Она легко назвала его по имени. Но они вместе выросли на улицах. Он воровал хлеб для нее и ее сестры, даже когда те смогли найти работу в борделе. Они оберегали его после смерти его матери, пока он не встал на ноги.
Она шмыгнула носом.
— Просто это неправильно. Мы бы хотели уйти, если ты не против. Просто… Может, таким, как мы, не дано подняться выше нашего статуса. Да?

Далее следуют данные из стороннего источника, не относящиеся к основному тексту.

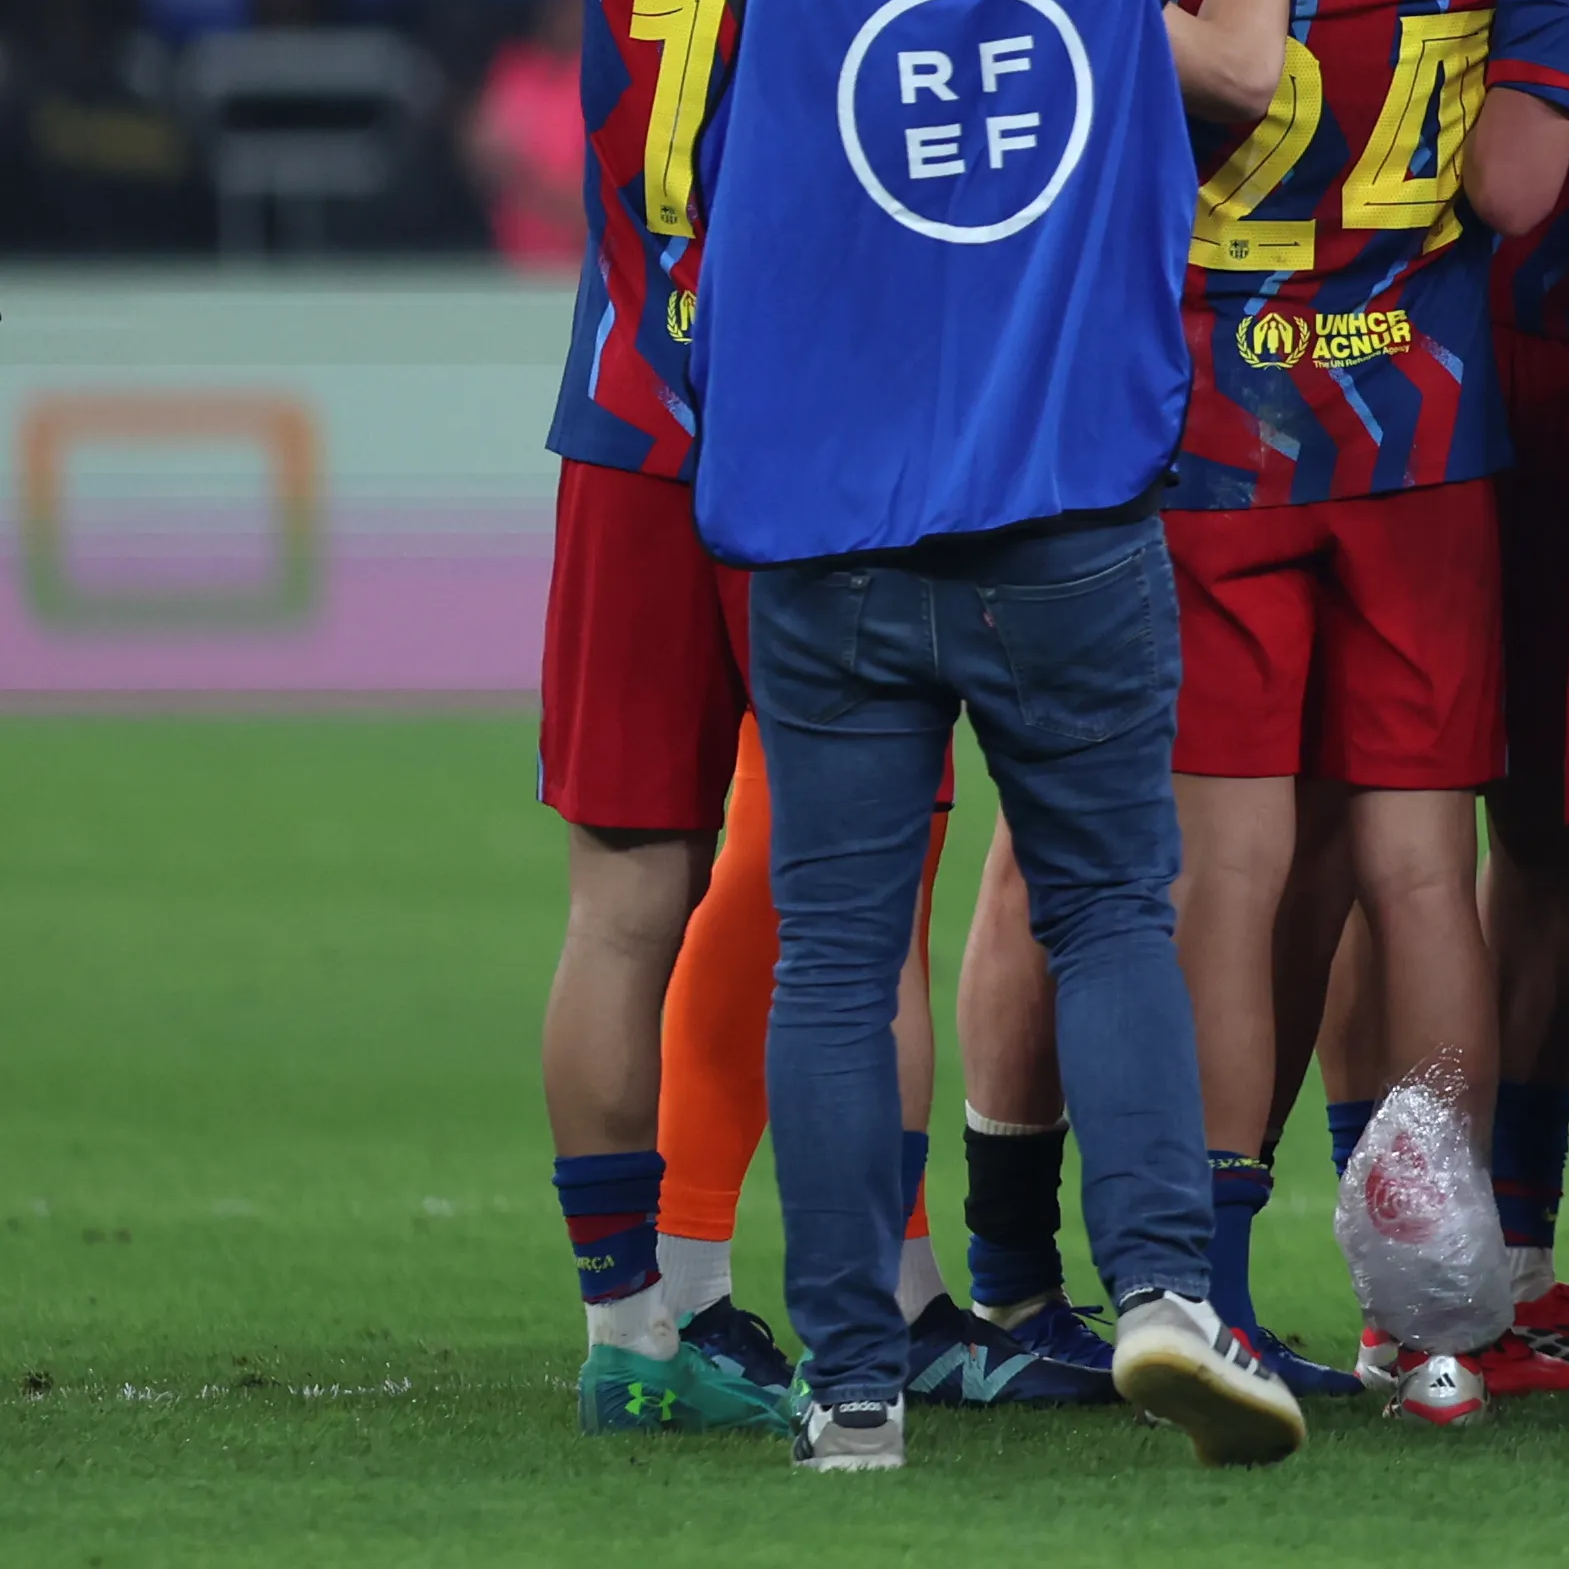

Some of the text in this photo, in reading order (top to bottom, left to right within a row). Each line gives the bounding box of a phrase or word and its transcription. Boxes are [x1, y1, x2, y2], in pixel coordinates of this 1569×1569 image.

Может, есть люди, которые не должны так жить. Может, мы заслужили то, что дала нам судьба.
— Этейн, умолкни, — он вытащил руки из карманов и раскрыл объятия. — Иди сюда.
Она подбежала к нему, и он поймал ее в теплые объятия. Ее плечи дрожали под его ладонями, волосы цеплялись за его щетину.
— Посмотри, чего я добился. Думаешь, я смотрю на всех этих людей, думая, что не принадлежу к их обществу?
— Конечно.
Он рассмеялся.
— Может, немного. Но я получил кроху, которая поклоняется земле, по которой я ходил. У меня есть дом, которому даже лорды завидуют, и корабль готов плыть под моим руководством. Мы не скованы жизнями, что нам дали. И никто не заставит нас поверить в это.
— Она тебя любит, — прошептала Этейн в его плечо. — Больше, чем любая женщина имеет право любить. Такая любовь опасна, Манус.
— Только если я ее покину.
— Я видела такое раньше. Как один любит другого так сильно, что душа вытекает понемногу каждый раз, когда они видят другого человека. Это высушивает их и превращает в пыль.
Он отклонился и посмотрел в ее глаза.
— Что ты пытаешься сказать?
— Тебе нужно любить ее в ответ, или она тоже станет пылью.
— Я люблю ее больше всего.
— Больше моря?
Вопрос обжигал. Сердце болело, а голова кружилась.
— Я не могу на это ответить, Этейн.
— Настанет день, когда придется.
Да, но он не был рад такому разговору. Такая любовь ужасала его, ведь Этейн была права. Их любовь была сильной, опасной, темной и поглощала его.
Манус был не тем, каким был раньше. Он увидел ее, и что-то в нем растаяло. Он хотел коснуться ее волос, погладить ее щеку, обнять ее и никогда не отпускать. Но так он подверг бы ее опасности, потому что не мог отпустить и море.
Он забыл, как дышать? Он втянул воздух, но не смог наполнить легкие. Этейн отошла от него.
— Она вышла погулять, если ты ищешь ее.
— Она… что? — он покачал головой. — Она не может гулять ночью.
— Мы все гуляем ночью.
Он выругался.
— Не она. Она не выходит наружу без меня или одного из лакеев.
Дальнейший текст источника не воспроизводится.